Free-text object descriptions:
»»

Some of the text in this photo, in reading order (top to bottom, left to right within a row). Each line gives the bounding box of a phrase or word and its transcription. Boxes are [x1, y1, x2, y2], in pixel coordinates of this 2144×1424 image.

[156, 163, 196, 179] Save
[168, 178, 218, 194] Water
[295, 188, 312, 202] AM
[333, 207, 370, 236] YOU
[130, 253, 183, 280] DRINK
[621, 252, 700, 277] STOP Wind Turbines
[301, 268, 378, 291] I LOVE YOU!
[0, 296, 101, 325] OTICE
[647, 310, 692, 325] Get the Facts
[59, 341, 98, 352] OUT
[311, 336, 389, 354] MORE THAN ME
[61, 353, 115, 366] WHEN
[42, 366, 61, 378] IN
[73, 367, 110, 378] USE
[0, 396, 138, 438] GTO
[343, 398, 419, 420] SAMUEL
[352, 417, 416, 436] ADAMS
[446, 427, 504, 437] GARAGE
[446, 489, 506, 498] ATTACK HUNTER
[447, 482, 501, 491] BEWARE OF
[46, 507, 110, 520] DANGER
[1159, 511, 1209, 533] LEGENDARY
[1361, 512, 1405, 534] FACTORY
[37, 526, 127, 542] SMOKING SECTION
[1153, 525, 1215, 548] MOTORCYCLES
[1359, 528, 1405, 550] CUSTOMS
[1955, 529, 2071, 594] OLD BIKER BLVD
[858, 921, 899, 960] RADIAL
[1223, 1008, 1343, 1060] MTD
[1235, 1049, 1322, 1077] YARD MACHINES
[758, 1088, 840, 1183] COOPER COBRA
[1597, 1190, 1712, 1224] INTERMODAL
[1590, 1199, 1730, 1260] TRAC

««

# Task requirements:
Copy the data exactly as it was presented.

# Result of the task:
Some of the text in this photo, in reading order (top to bottom, left to right within a row). Each line gives the bounding box of a phrase or word and its transcription. Boxes are [x1, y1, x2, y2], in pixel coordinates of this 2144×1424 image.

[156, 163, 196, 179] Save
[168, 178, 218, 194] Water
[295, 188, 312, 202] AM
[333, 207, 370, 236] YOU
[130, 253, 183, 280] DRINK
[621, 252, 700, 277] STOP Wind Turbines
[301, 268, 378, 291] I LOVE YOU!
[0, 296, 101, 325] OTICE
[647, 310, 692, 325] Get the Facts
[59, 341, 98, 352] OUT
[311, 336, 389, 354] MORE THAN ME
[61, 353, 115, 366] WHEN
[42, 366, 61, 378] IN
[73, 367, 110, 378] USE
[0, 396, 138, 438] GTO
[343, 398, 419, 420] SAMUEL
[352, 417, 416, 436] ADAMS
[446, 427, 504, 437] GARAGE
[446, 489, 506, 498] ATTACK HUNTER
[447, 482, 501, 491] BEWARE OF
[46, 507, 110, 520] DANGER
[1159, 511, 1209, 533] LEGENDARY
[1361, 512, 1405, 534] FACTORY
[37, 526, 127, 542] SMOKING SECTION
[1153, 525, 1215, 548] MOTORCYCLES
[1359, 528, 1405, 550] CUSTOMS
[1955, 529, 2071, 594] OLD BIKER BLVD
[858, 921, 899, 960] RADIAL
[1223, 1008, 1343, 1060] MTD
[1235, 1049, 1322, 1077] YARD MACHINES
[758, 1088, 840, 1183] COOPER COBRA
[1597, 1190, 1712, 1224] INTERMODAL
[1590, 1199, 1730, 1260] TRAC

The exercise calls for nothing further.